Off the court, Grant spends his time watching comedy movies featuring Martin Lawrence, Eddie Murphy or Bernie Mac. Grant truly loves watching the television show Martin and eating jerk chicken, a few acts that humble him all the time. To keep his mind busy and active, Grant spends as much time as he can on word find puzzles.

Growing up in Brooklyn, N.Y., Grant had a basketball in his hands at all times.

“Basketball is in my family,” Grant said. “My brothers played and my father bought me a Fisher Price hoop so I would play in the house all day.”

That Fisher Price hoop eventually turned into an official 10-foot hoop, where Grant excelled and then received a scholarship to Villanova though Miami was recruiting him.

At Villanova, Grant drew national attention on ESPN as a freshman when he scored 18 points in the final seven minutes of a 21-point comeback victory over LSU.

With Villanova having a crowded backcourt, Grant transferred to the Hurricanes.

After sitting out last season because of NCAA transfer rules and seeing his former school go to the Final Four without him, Grant is determined to succeed.

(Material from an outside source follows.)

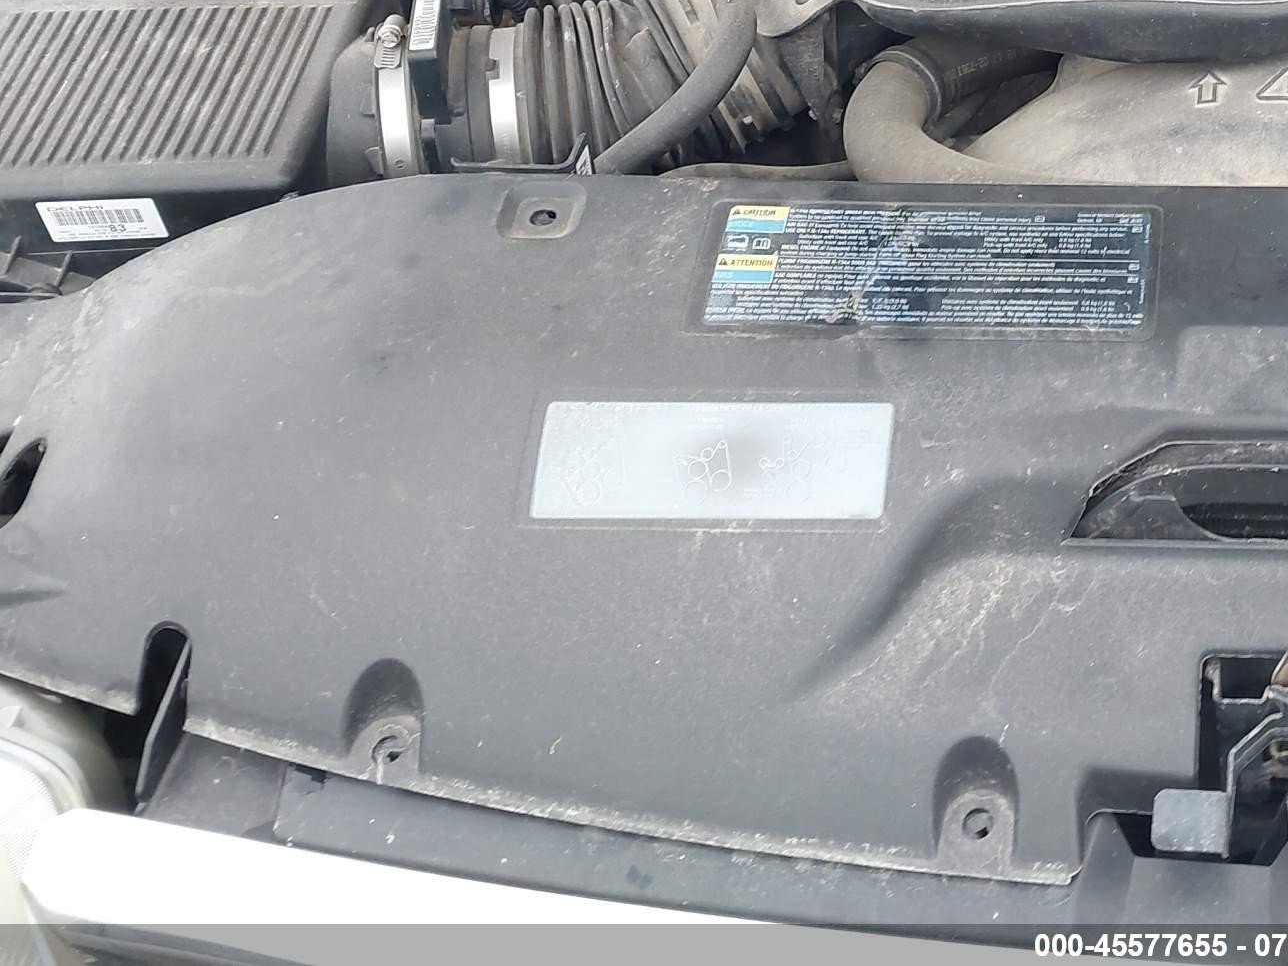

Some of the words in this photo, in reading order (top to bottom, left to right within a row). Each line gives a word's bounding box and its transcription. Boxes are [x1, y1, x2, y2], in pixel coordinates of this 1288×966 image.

[743, 209, 777, 217] CAUTION
[109, 224, 127, 233] 83
[730, 259, 774, 267] ATTENTION
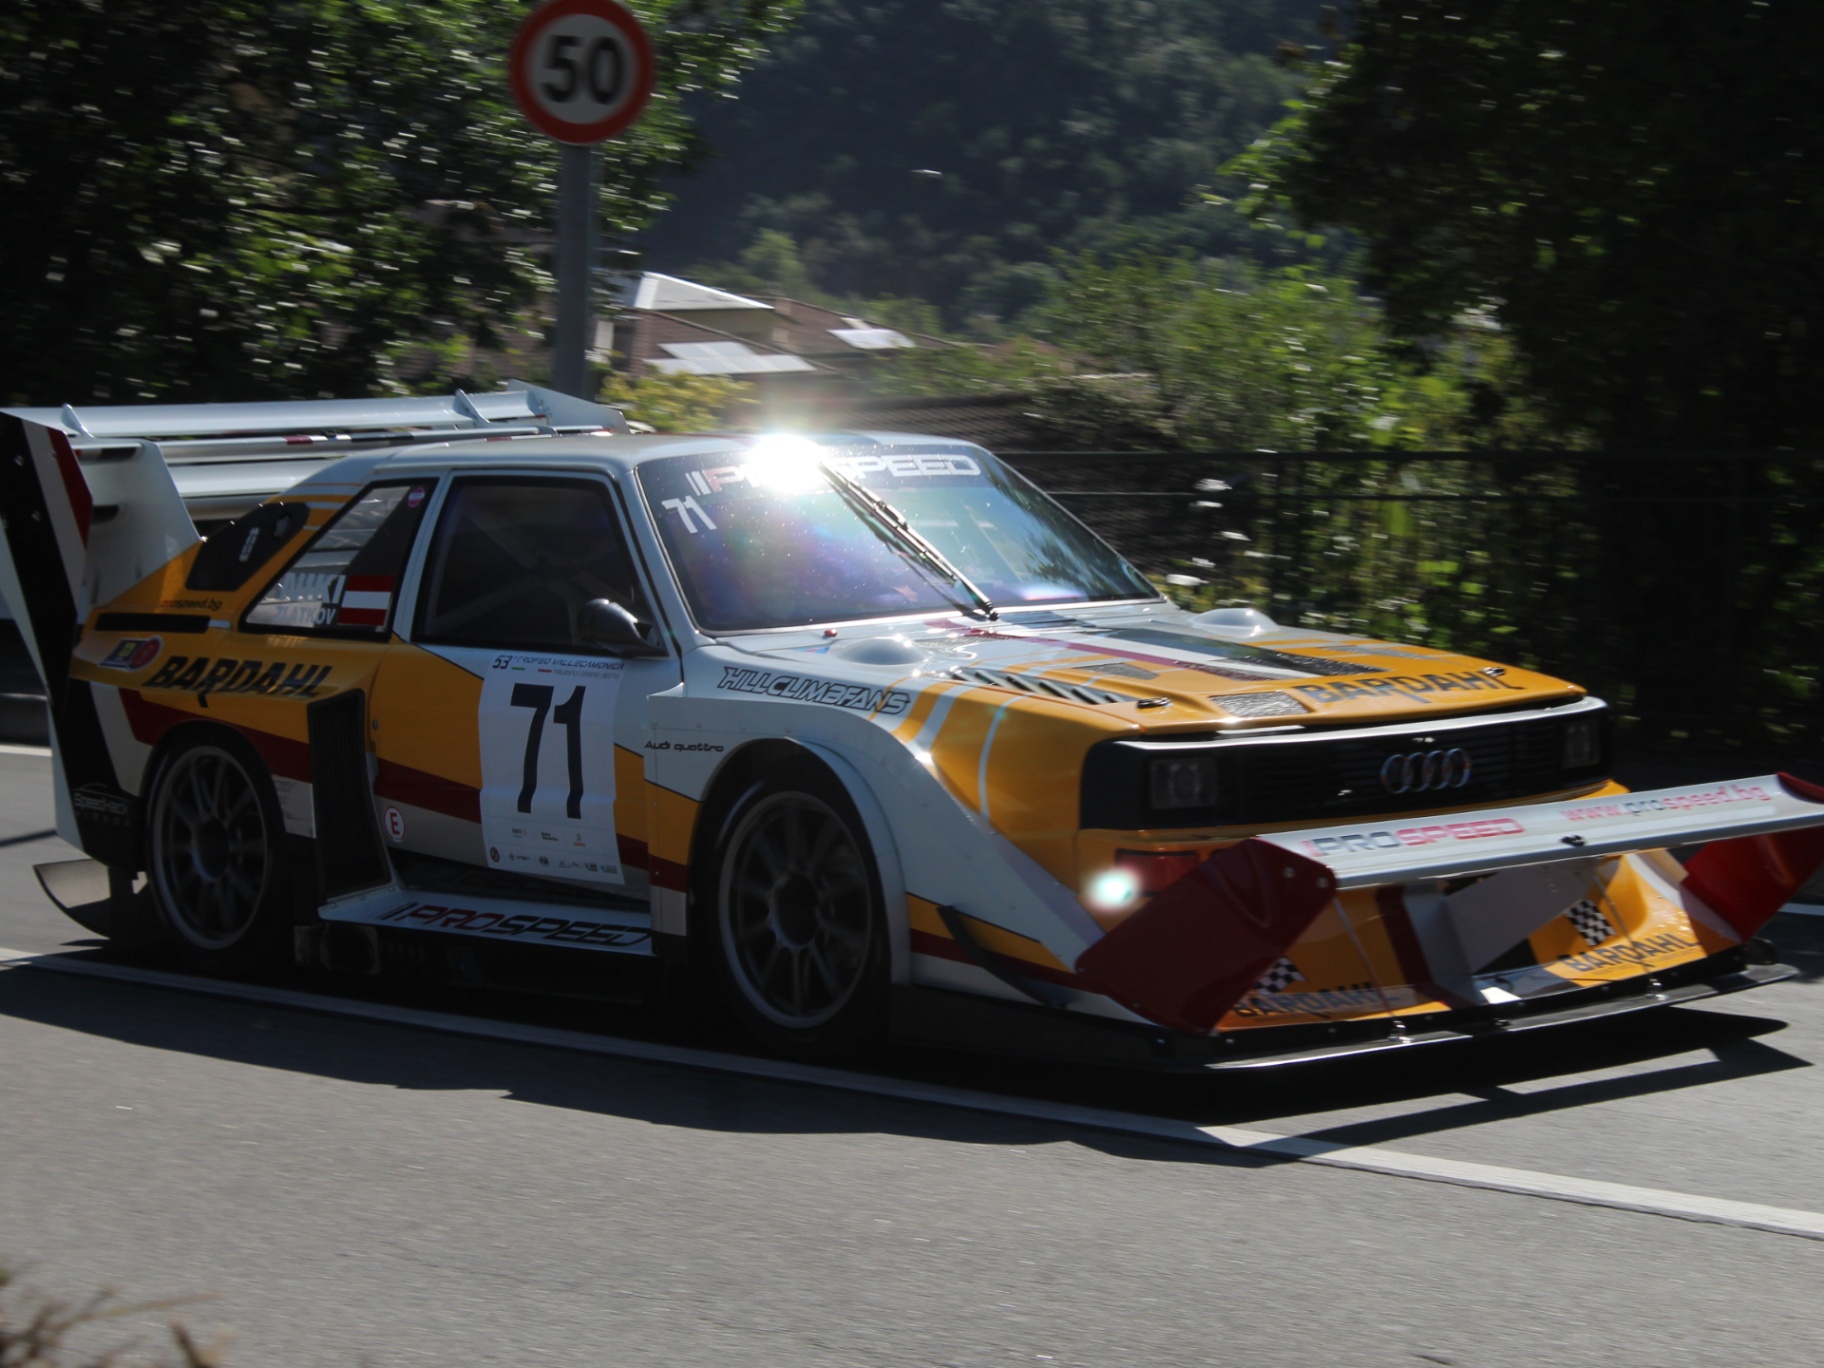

“I want to be a great leader and, most of all, a winner,” Grant said. “I don’t want to leave hearing people saying Malcolm Grant was ‘okay,’ I want people to say Malcolm Grant was ‘great’ or ‘the greatest.’”

The Hurricanes (2-0) opened their 2009-2010 season in impressive style this past weekend beating North Carolina Central and Nova Southeastern by an average of 40 points each.

The competition gets tougher as they head to South Carolina for the Charleston Classic Thursday to play Tulane at 1:30 p.m.